The intimacy and focus that a short story can offer is often at odds with the all-encompassing sweep of a novel, which is why there aren’t many writers who are accomplished in both forms.  Mridula Koshy’s If it is Sweet was a notable collection of short stories featuring migrants, domestic workers and other lost souls seeking consolation as and where they could find it. Here, a raw sensibility meshed with craft to create a variety of tones, making for a striking début. In her first novel, she plays to these very strengths; the question, however, is whether it all adds up to a unitary work of satisfying heft.

Not Only the Things that Have Happened contains many lives and worlds. It starts with an aged Annakutty on her deathbed in a village in Kerala, still consumed by memories and dreams of her out-of-wedlock son who was adopted forty years ago. (“I gave you up,” she says, “but I never gave up loving you”.)  The novel spirals outward to encompass others in Anakutty’s ambit, from her stepsister working as a nurse in Dubai to her teenage niece to her stepmother, to mention only a few. The immersion in the lives of the people of this region is almost Faulknerian in its intensity, along with the milieu against which they have come of age: the influence of Catholicism, the grip of caste, trade union and Left movements and the distance between the impoverished village and the bustling city.

The novel’s second section is set a world away, in a small town in the American Midwest, and contains the same emotional weight but not as much fine-grained social observation. Here, we learn of the life of the lost boy and of those in his ken, including a wife from whom he has separated and a six-year-old daughter. This conflicted individual obsesses over what he can recall of his tangled childhood history; he returns time and again to “the meaning of me”, and his rootlessness causes him to indulge in chameleon-like role-playing: "I don't know who I am. I try on stories, to see if I can fool people into believing I am somebody. But maybe also to fool me."

Koshy’s primary interest is in the impact of past bereavement on present-day lives and she follows her characters’ befuddled journeys and their real and imagined histories with an empathetic eye. These are her novel’s primary colours, which are underlaid by the chronology of how they came to their current states. The passage of time in this novel, in fact, is handled with some skill: all the surface action takes place during 36 hours, but inserted into this are slices of personal history that create a lattice-like whole.

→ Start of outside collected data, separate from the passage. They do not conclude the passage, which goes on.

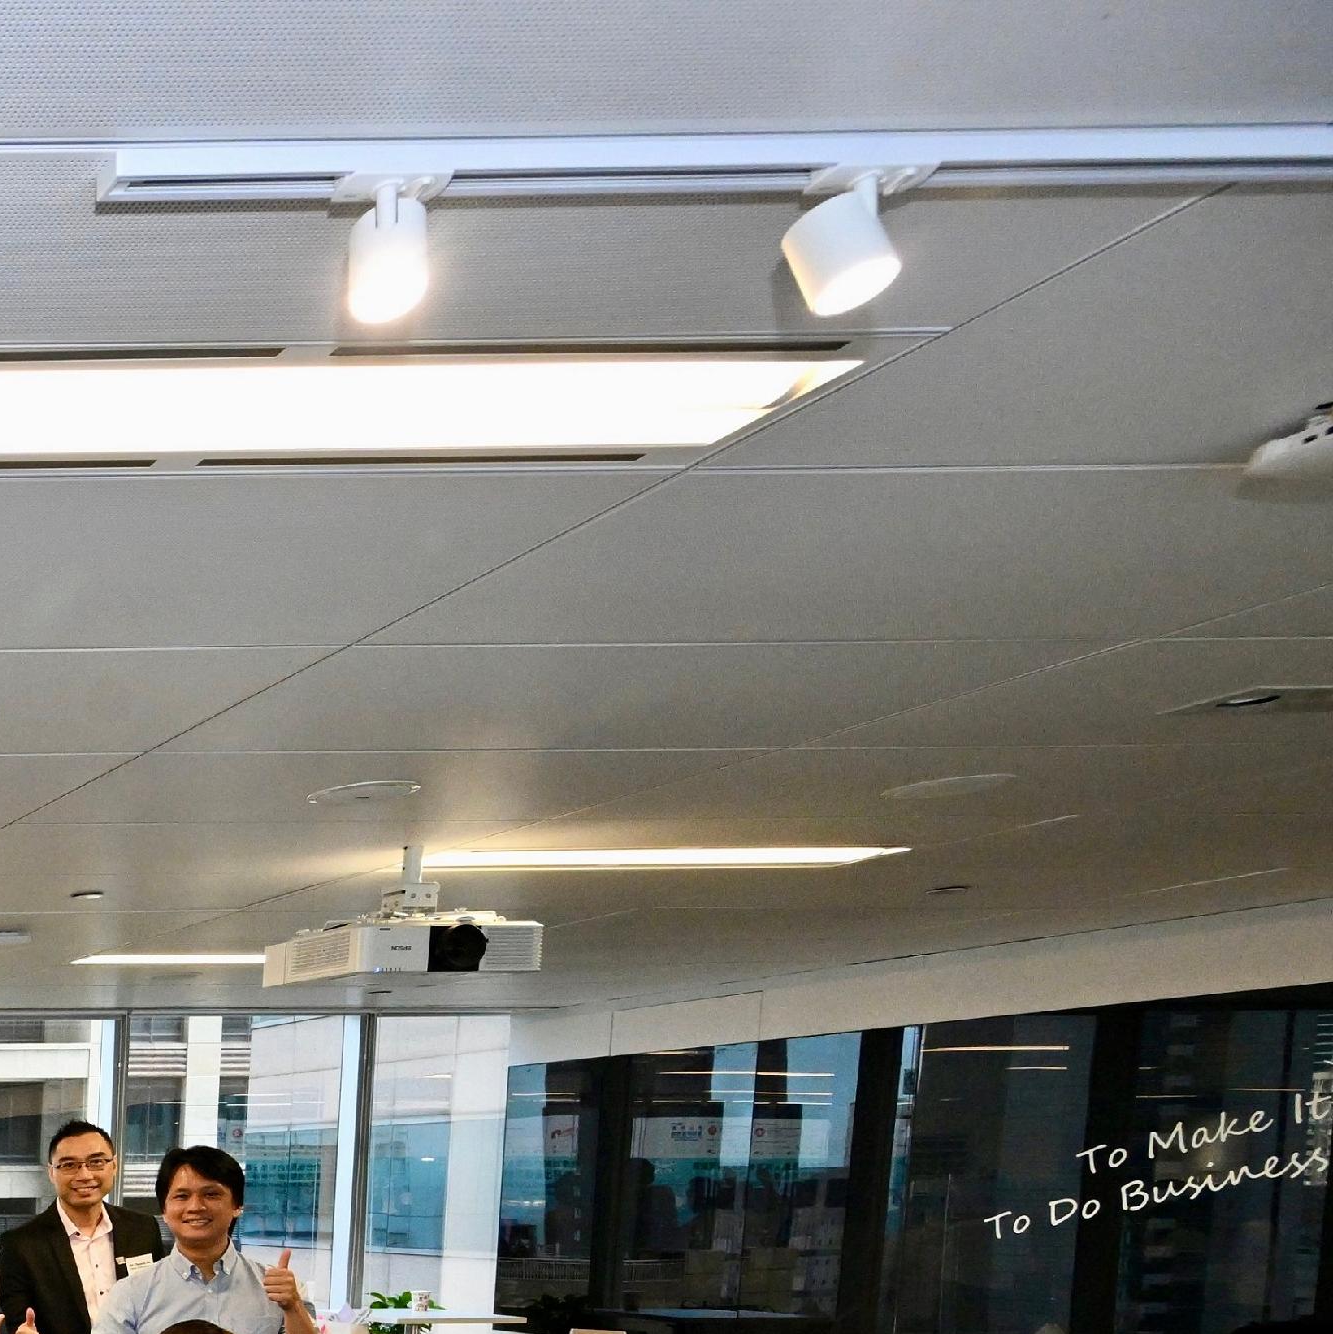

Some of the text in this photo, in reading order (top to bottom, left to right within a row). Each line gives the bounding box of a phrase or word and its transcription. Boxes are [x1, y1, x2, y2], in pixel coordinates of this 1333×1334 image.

[1076, 1093, 1333, 1174] To Make It
[983, 1147, 1329, 1239] To Do Business
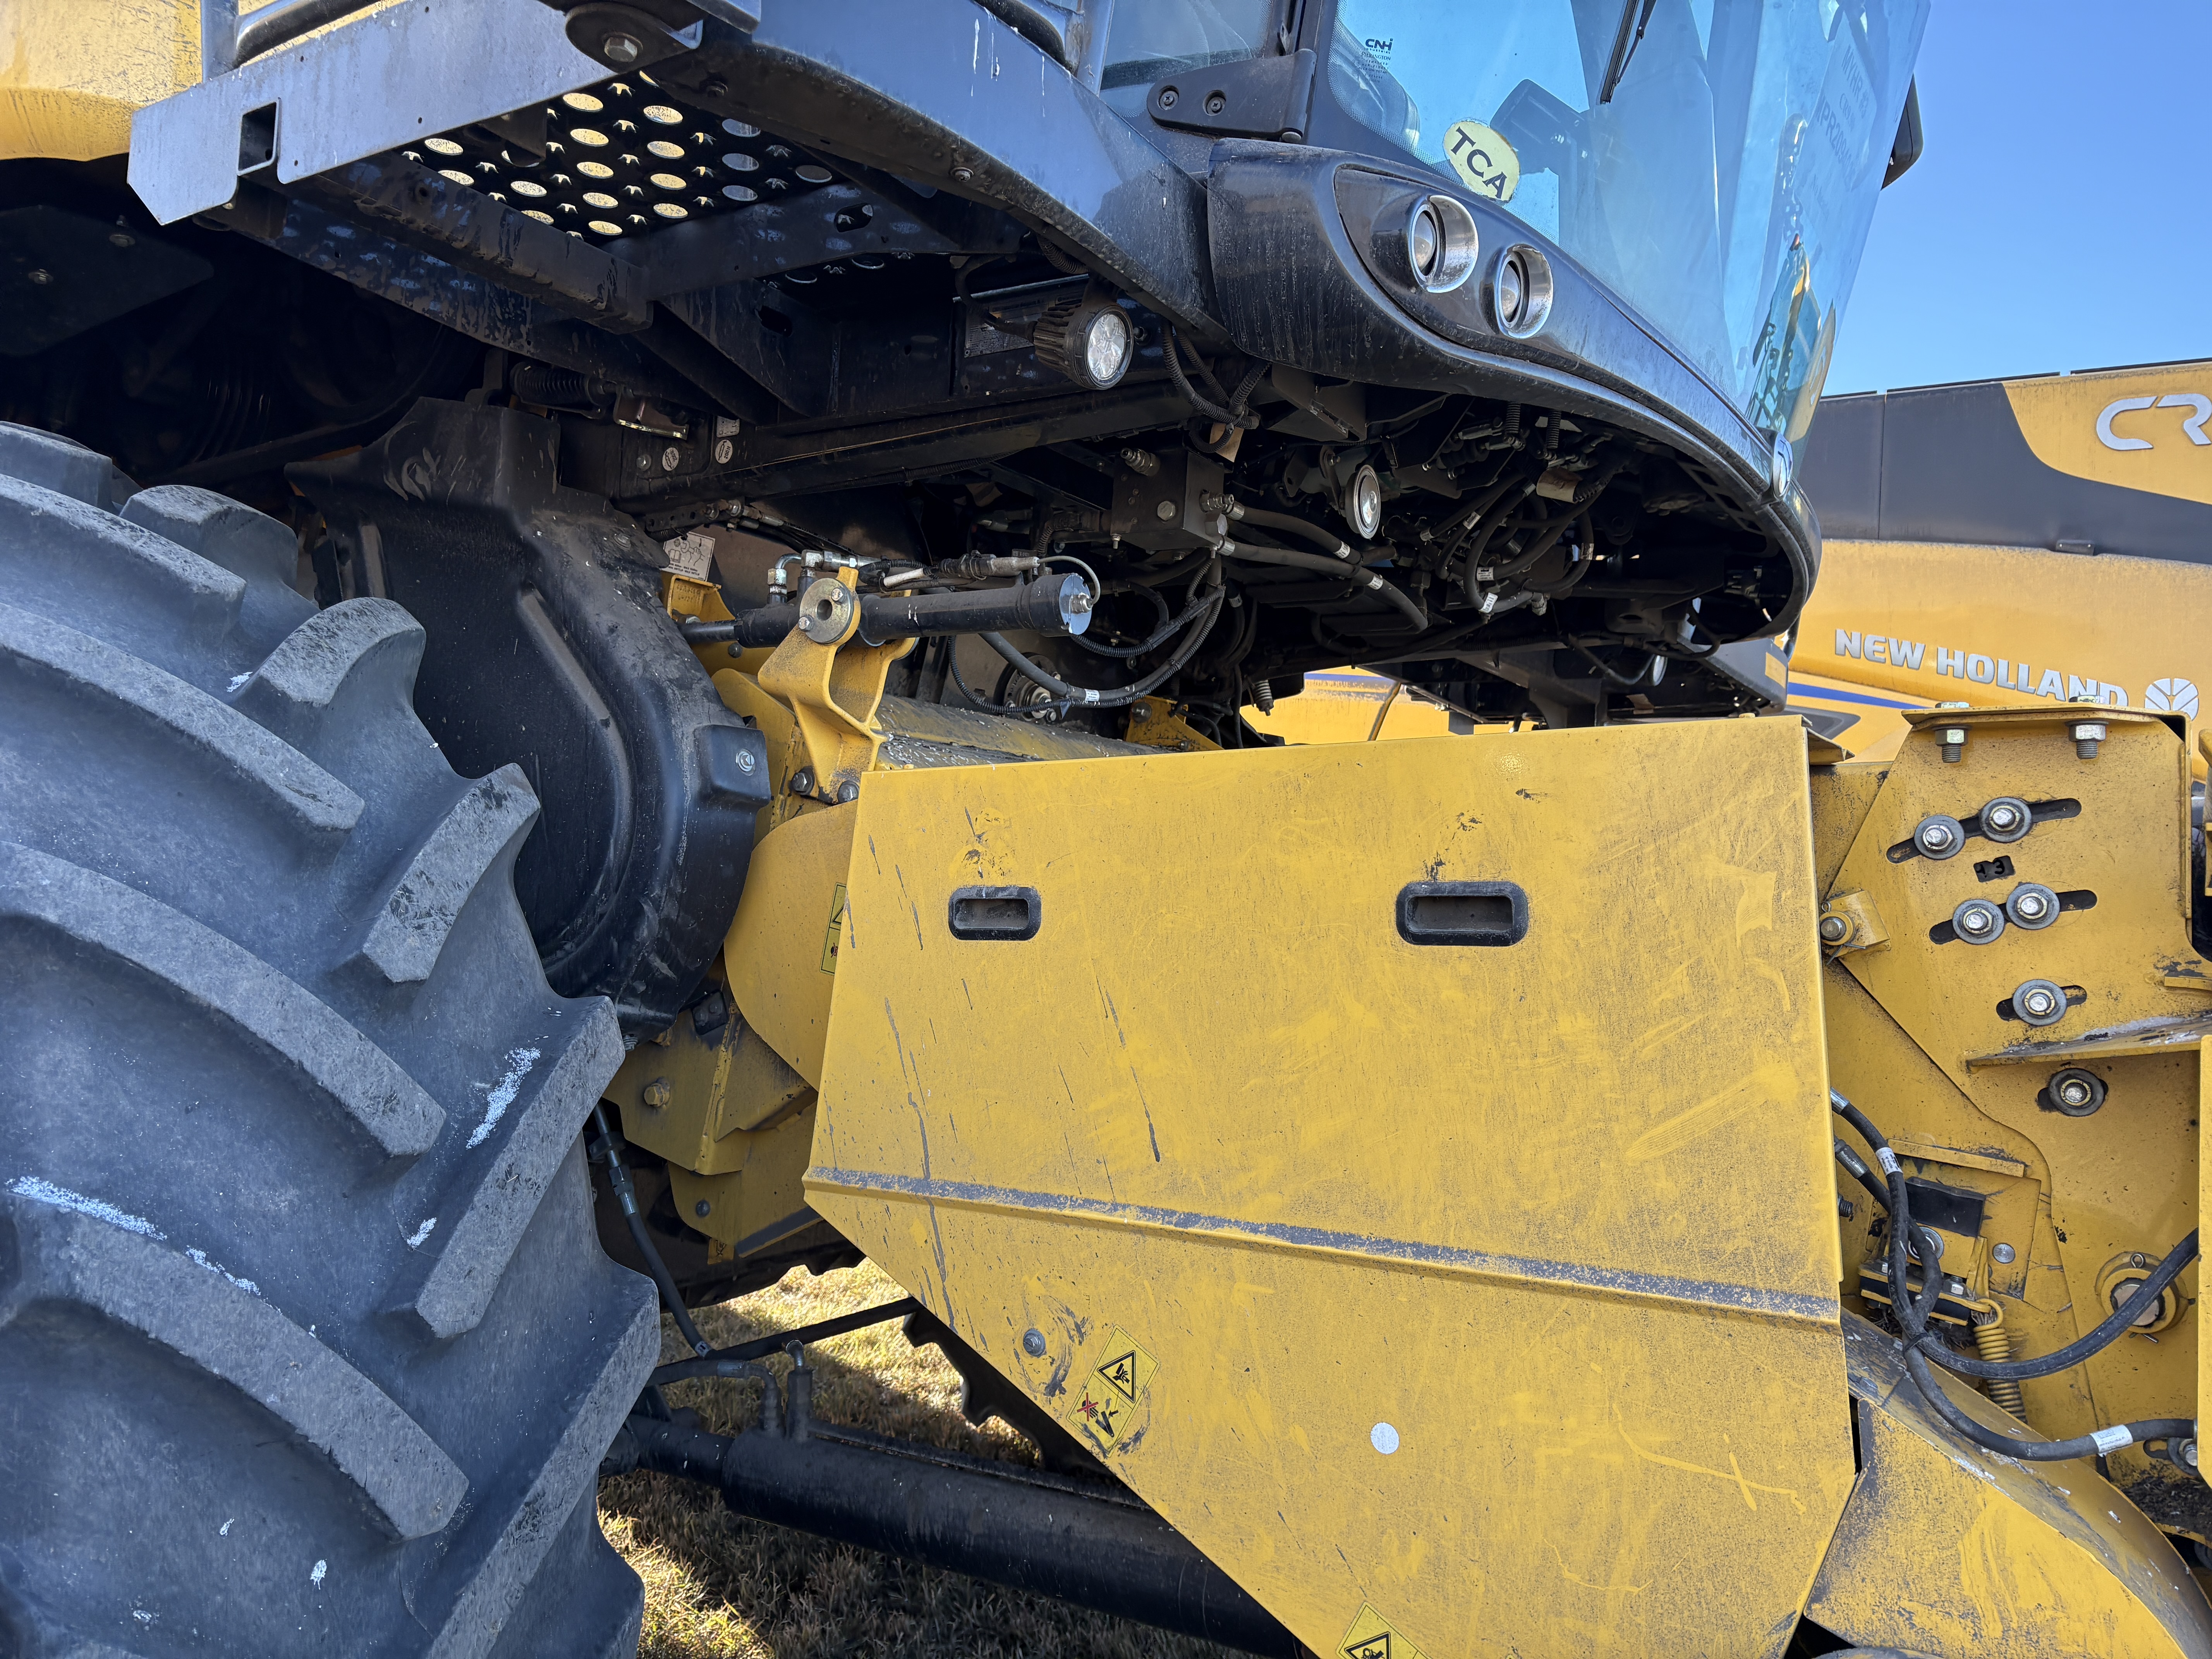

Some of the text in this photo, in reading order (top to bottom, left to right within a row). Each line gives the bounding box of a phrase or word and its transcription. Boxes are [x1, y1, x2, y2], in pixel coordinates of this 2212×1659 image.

[1365, 38, 1393, 51] CNH
[1451, 126, 1507, 199] TCA
[2096, 393, 2212, 451] CR
[1835, 629, 2129, 706] NEW HOLLAND
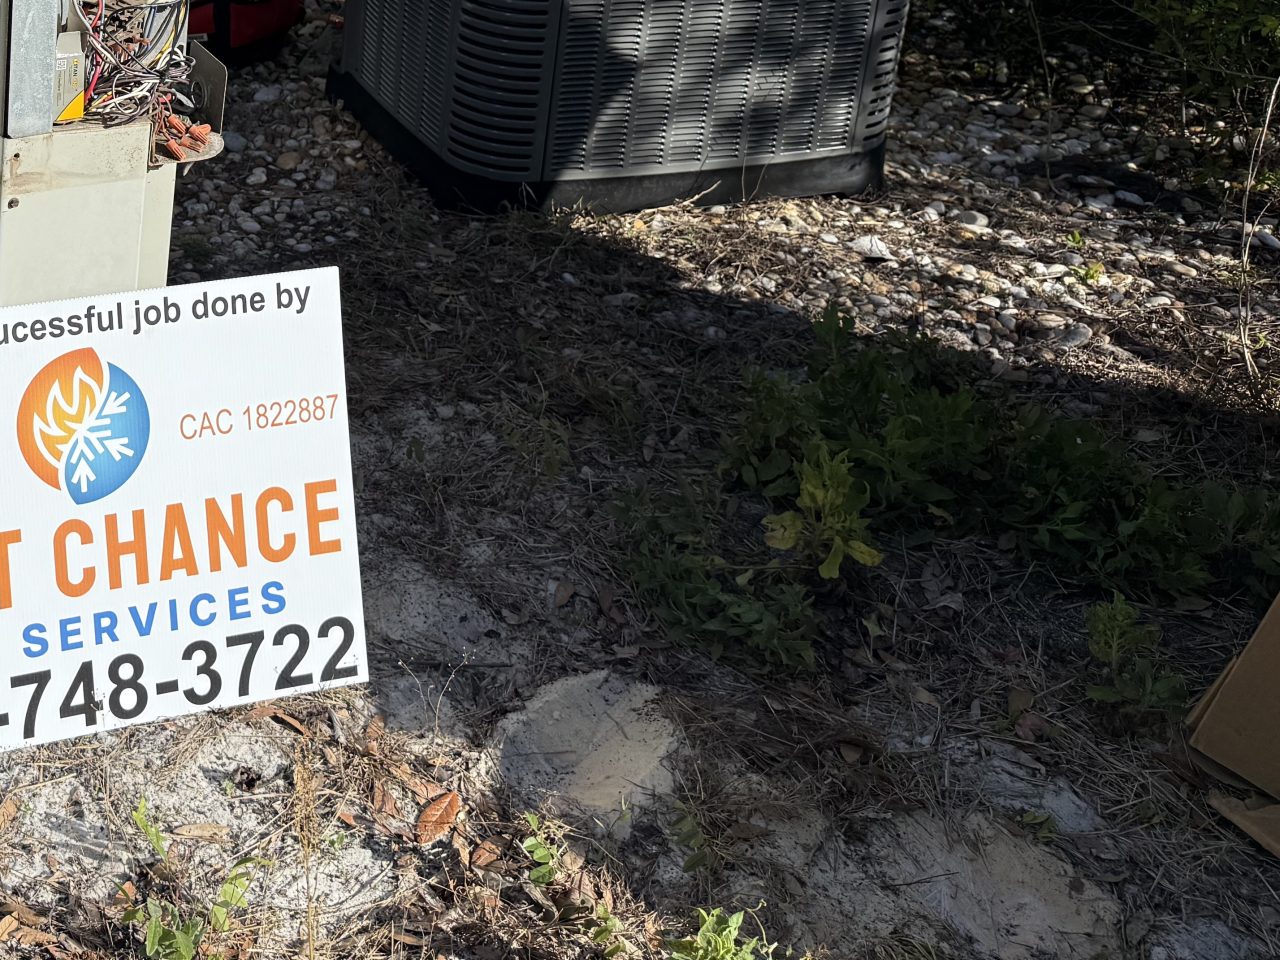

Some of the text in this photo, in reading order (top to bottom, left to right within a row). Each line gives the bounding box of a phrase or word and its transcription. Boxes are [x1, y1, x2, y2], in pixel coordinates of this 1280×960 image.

[132, 296, 181, 335] job
[191, 290, 266, 320] done
[276, 282, 311, 315] by
[179, 393, 339, 440] CAC 1822887
[53, 479, 342, 597] CHANCE
[22, 581, 287, 657] SERVICES
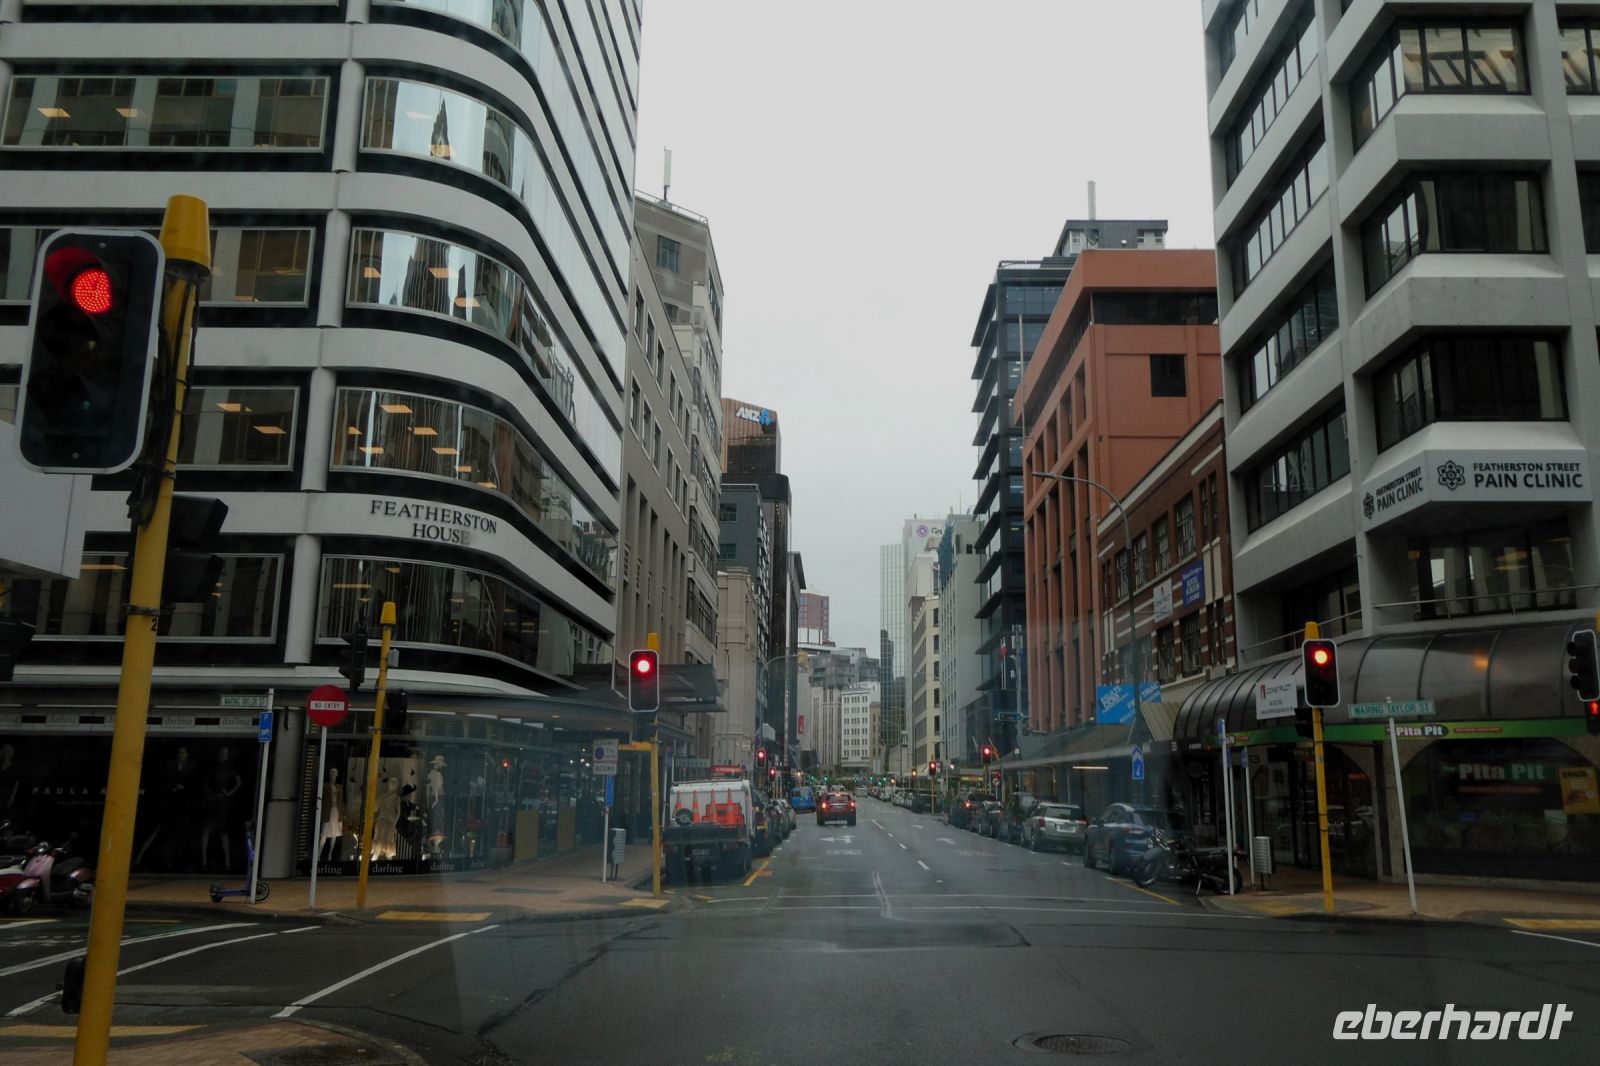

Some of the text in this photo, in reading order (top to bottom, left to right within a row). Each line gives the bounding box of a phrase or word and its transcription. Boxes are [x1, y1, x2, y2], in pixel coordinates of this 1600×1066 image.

Two distinct sections and geographies, with the narrative delving deep into non-sequential, individual stories: clearly, Koshy can’t be faulted on grounds of ambition. The disconnected nature of each chapter, however, can militate against the novel’s unity as well as emotional impact; there are times when the branches obscure the central trunk. It’s in this sense that one can see a short story writer trying to break free from the past and yet retain the elements that made the earlier work so strong.

That apart, the tone of grim realism makes Not Only the Things that Have Happened rather heavy going -- unrelieved by the glimmer of redemption at the very end. Every character struggles with an unsatisfactory present, and some have to undergo unpleasant material deprivation, too. “The past is grief buried deep in the earth,” Koshy writes; it’s buried deep in this novel, too.